Exercise objective -> All records, minus the pictures: write them out exactly.

Source information ->
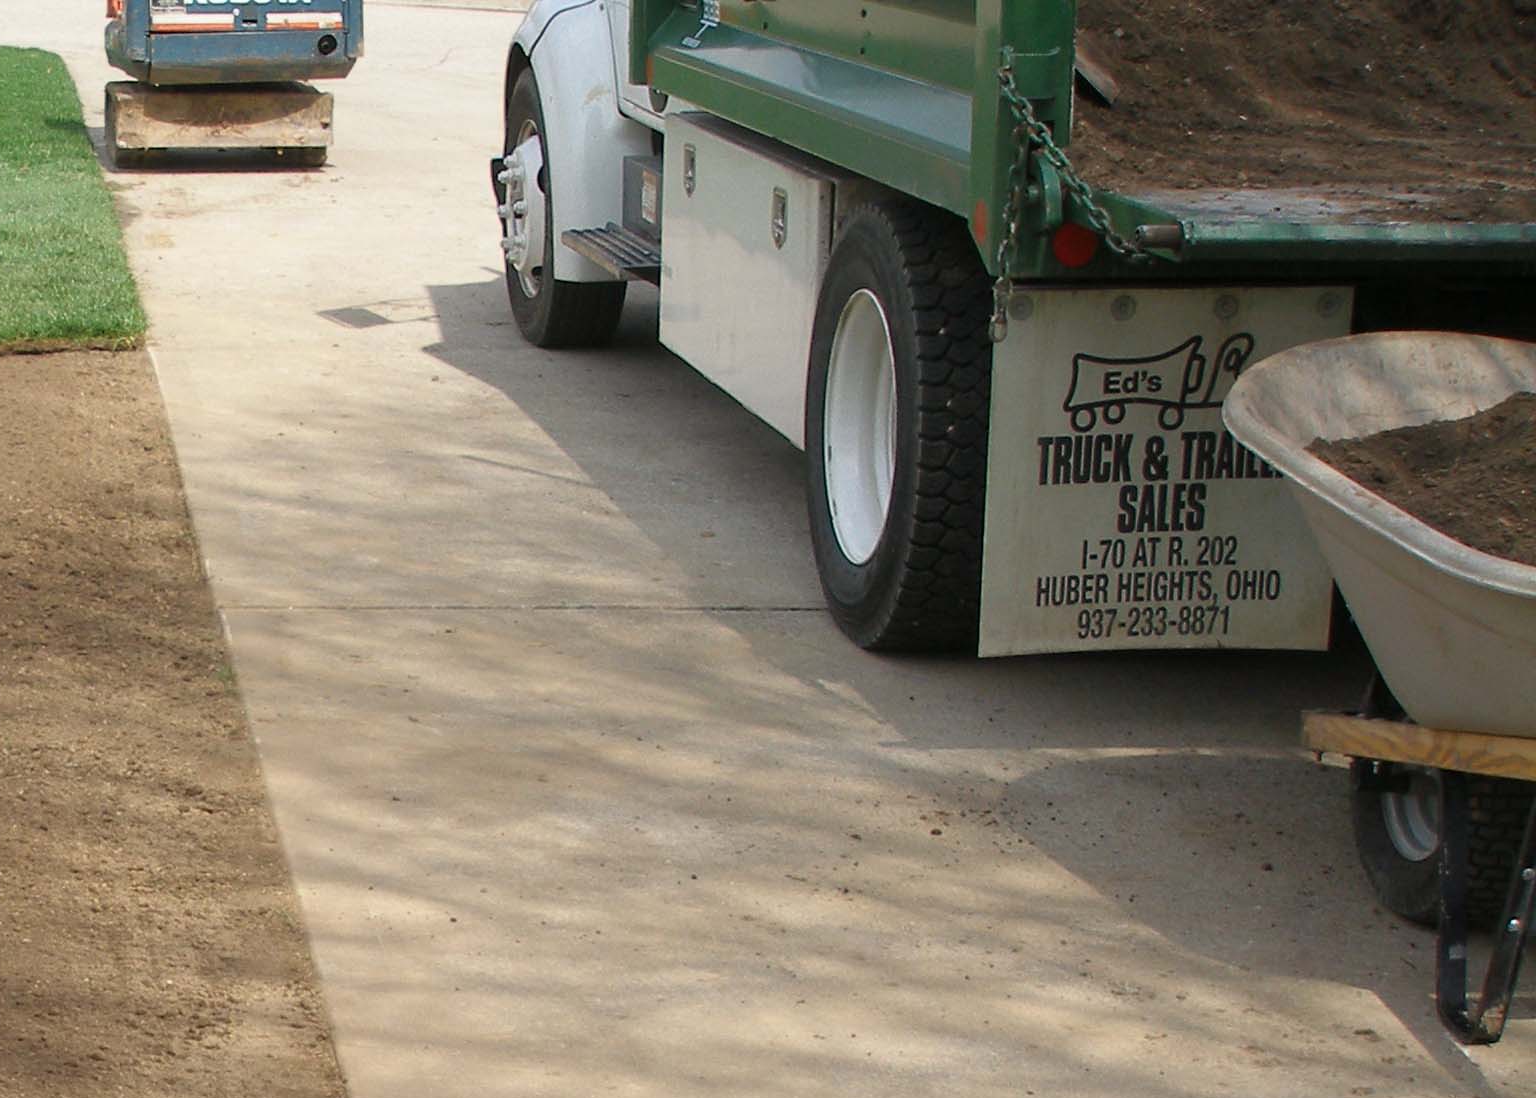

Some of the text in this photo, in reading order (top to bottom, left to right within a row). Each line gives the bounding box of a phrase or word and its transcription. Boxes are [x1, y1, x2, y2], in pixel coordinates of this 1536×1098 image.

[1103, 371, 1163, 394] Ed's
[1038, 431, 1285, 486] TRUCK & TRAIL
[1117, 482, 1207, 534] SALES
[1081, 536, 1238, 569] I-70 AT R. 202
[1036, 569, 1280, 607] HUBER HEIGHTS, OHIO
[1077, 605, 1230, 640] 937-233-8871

Task answer ->
Some of the text in this photo, in reading order (top to bottom, left to right within a row). Each line gives the bounding box of a phrase or word and its transcription. Boxes are [x1, y1, x2, y2], in pixel coordinates of this 1536×1098 image.

[1103, 371, 1163, 394] Ed's
[1038, 431, 1285, 486] TRUCK & TRAIL
[1117, 482, 1207, 534] SALES
[1081, 536, 1238, 569] I-70 AT R. 202
[1036, 569, 1280, 607] HUBER HEIGHTS, OHIO
[1077, 605, 1230, 640] 937-233-8871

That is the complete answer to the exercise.